The Logical Framework (Logframe) is the most widely used structure in international development. It organizes a program across four levels — Inputs, Activities, Outputs, Outcomes — with Assumptions running alongside each level and Indicators, Means of Verification, and Targets filling the matrix. Most bilateral donors require a logframe. The weakness: it can become a compliance artifact that gets filed after the proposal and never opened again. See the logframe guide for building one that stays live past the grant signing.
The Results Framework (used by USAID and many foundations) organizes around a goal, sub-goals, and intermediate results, with indicators assigned to each node. Results frameworks are less prescriptive than logframes — they describe what success looks like without specifying how to get there, giving implementing organizations more design latitude and often producing sharper indicator sets.
Theory of Change maps the causal logic from activities to long-term change and surfaces assumptions at each step. It is most useful as a design and learning tool rather than a tracking matrix. Organizations that start with a strong theory of change and then derive their indicator framework from it tend to land on fewer, more meaningful indicators — which shrinks the Graveyard before it opens.
MEL Frameworks integrate the learning function explicitly: when findings will be reviewed, who will decide based on them, how programs will adapt. MEL frameworks are increasingly required by funders who have grown skeptical of M&E systems that collect data without demonstrating that it changed anything.
For most organizations, the framework choice is determined by funder requirements first, then organizational capacity. The structural choice matters less than whether the framework's indicators are actually connected to data collection instruments — which is the job of the M&E plan.
Step 3: Write your M&E plan
The framework defines what to measure. The plan specifies how measurement actually happens. This distinction is the single most common source of M&E failure: organizations approve ambitious frameworks, then write plans that never specify where the data will come from. A credible M&E plan contains seven components.

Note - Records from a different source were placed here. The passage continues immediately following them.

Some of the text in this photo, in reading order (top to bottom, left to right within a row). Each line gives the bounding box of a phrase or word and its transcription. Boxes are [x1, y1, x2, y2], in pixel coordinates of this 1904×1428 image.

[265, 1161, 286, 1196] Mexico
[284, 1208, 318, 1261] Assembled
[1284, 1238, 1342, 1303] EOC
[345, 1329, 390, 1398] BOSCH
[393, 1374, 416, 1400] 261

Indicator definitions. Each indicator needs a precise definition, unit of measurement, disaggregation requirements (gender, age, geography, program type), data source, collection method, collection frequency, responsible party, and target. Vague indicators like "improved wellbeing" produce vague data. Precise indicators like "percent of participants scoring ≥70 on the validated 10-item wellbeing scale at 3-month post-exit follow-up" produce usable evidence.

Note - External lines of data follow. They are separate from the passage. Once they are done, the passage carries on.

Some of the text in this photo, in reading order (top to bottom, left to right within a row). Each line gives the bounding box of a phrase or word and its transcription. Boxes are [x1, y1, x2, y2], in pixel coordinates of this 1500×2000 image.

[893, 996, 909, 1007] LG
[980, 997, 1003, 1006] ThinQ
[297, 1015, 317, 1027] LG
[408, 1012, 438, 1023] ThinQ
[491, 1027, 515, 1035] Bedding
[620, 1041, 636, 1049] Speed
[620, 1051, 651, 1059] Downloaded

Baseline and target-setting. Without a baseline you cannot measure change — only level. Baselines require collecting the same indicators from the same population before the program starts, which requires knowing your measurement instruments before you begin. Many organizations skip this step because it feels bureaucratic. They regret it when a funder asks for outcome evidence.
Data collection instruments. For each indicator, which survey, form, or interface will capture the data? Are those instruments already designed and tested? Are they linked to participant records that persist across collection points? This is where the Graveyard is most visible — indicators that exist in the framework but have no corresponding instrument in the plan.

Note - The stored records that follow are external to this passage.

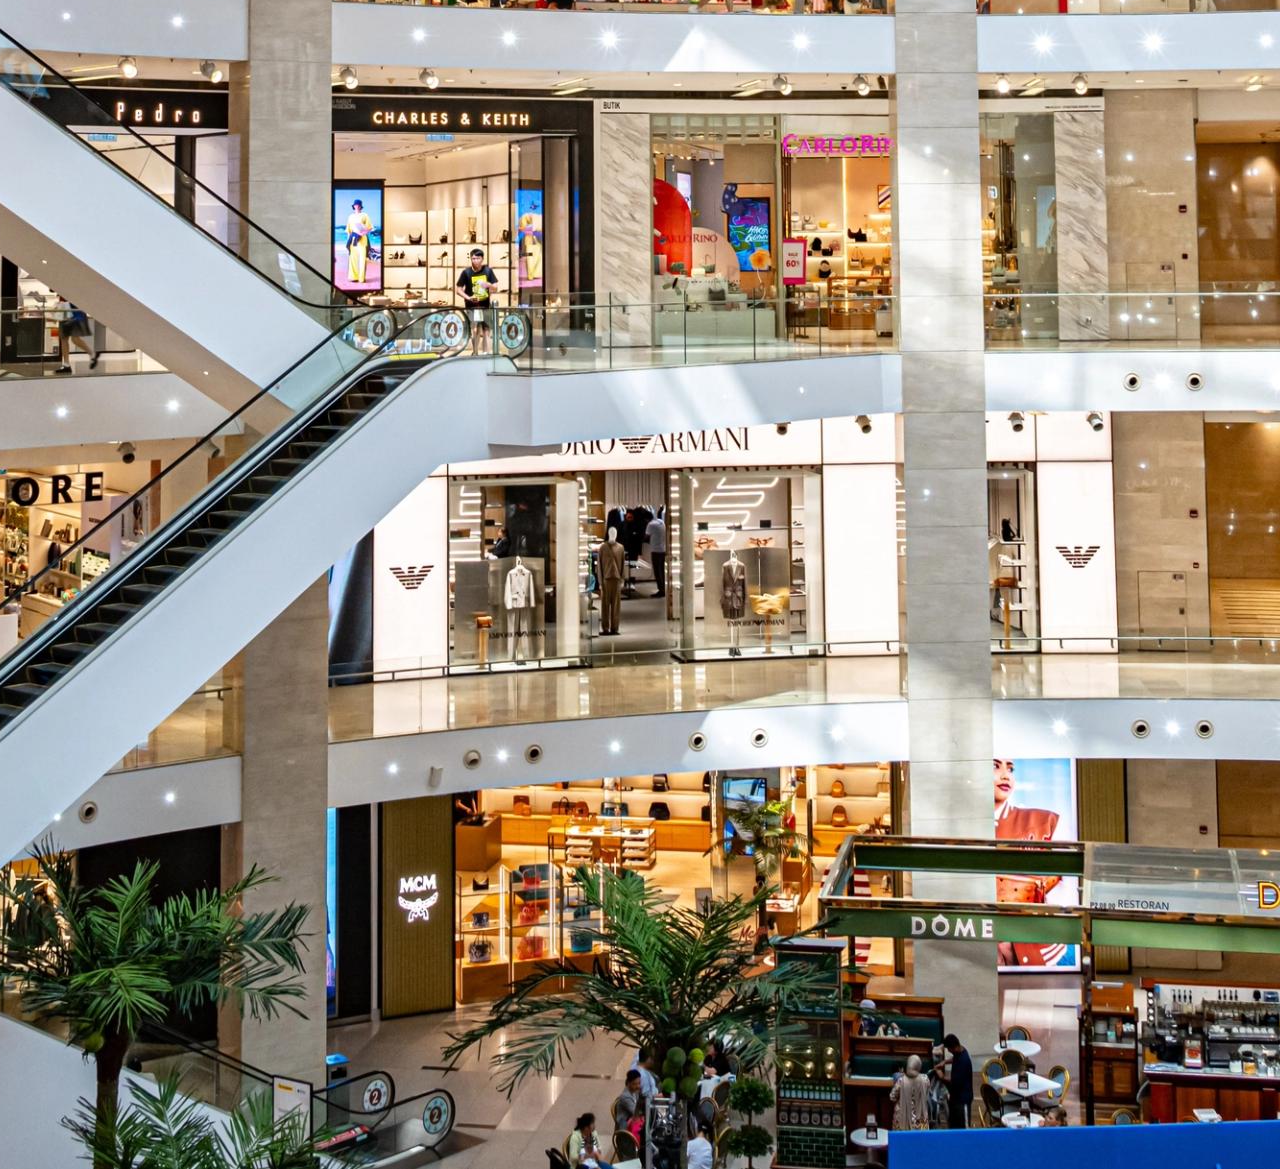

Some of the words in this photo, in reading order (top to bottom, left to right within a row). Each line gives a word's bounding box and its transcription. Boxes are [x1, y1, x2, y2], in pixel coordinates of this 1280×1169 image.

[116, 101, 201, 123] Pedro
[602, 100, 621, 111] BUTIK
[372, 111, 449, 125] CHARLES
[460, 113, 471, 125] &
[482, 113, 530, 126] KEITH
[782, 133, 858, 155] CARLO
[448, 323, 456, 336] 4
[650, 426, 750, 455] ARMANI
[399, 873, 438, 894] MCM
[1117, 898, 1170, 911] RESTORAN
[910, 913, 995, 939] DÔME
[372, 1091, 379, 1104] 2
[432, 1109, 440, 1121] 2

Roles and responsibilities. Who collects data, enters it, reviews it for quality, analyzes it, and uses findings? M&E plans that assign every role to "the M&E team" — a team of one, usually — are plans that will produce reports six months late.
Data management procedures. Where is data stored, how are participant records deduplicated, what is the version-control protocol for survey instruments, what happens when contact information changes? These questions look operational. They decide whether your data is usable for longitudinal analysis.
Analysis plan. Which methods, who conducts the analysis, at what frequency, with which software? The plan should match your organization's actual capacity — not an aspirational methodology copied from an academic evaluation.
Reporting and feedback loops. When will findings be shared, with whom, in what format? Which findings go back to program staff in time to influence implementation, not just to funders after implementation has ended? Plans that specify funder reporting but skip staff feedback produce accountability without learning.
Step 1 · Name your program shape
Whichever way your nonprofit is shaped — the graveyard opens the same way
Three common program shapes. Three different failure points. The underlying fix — indicators connected to instruments connected to persistent participant records — is the same for all three.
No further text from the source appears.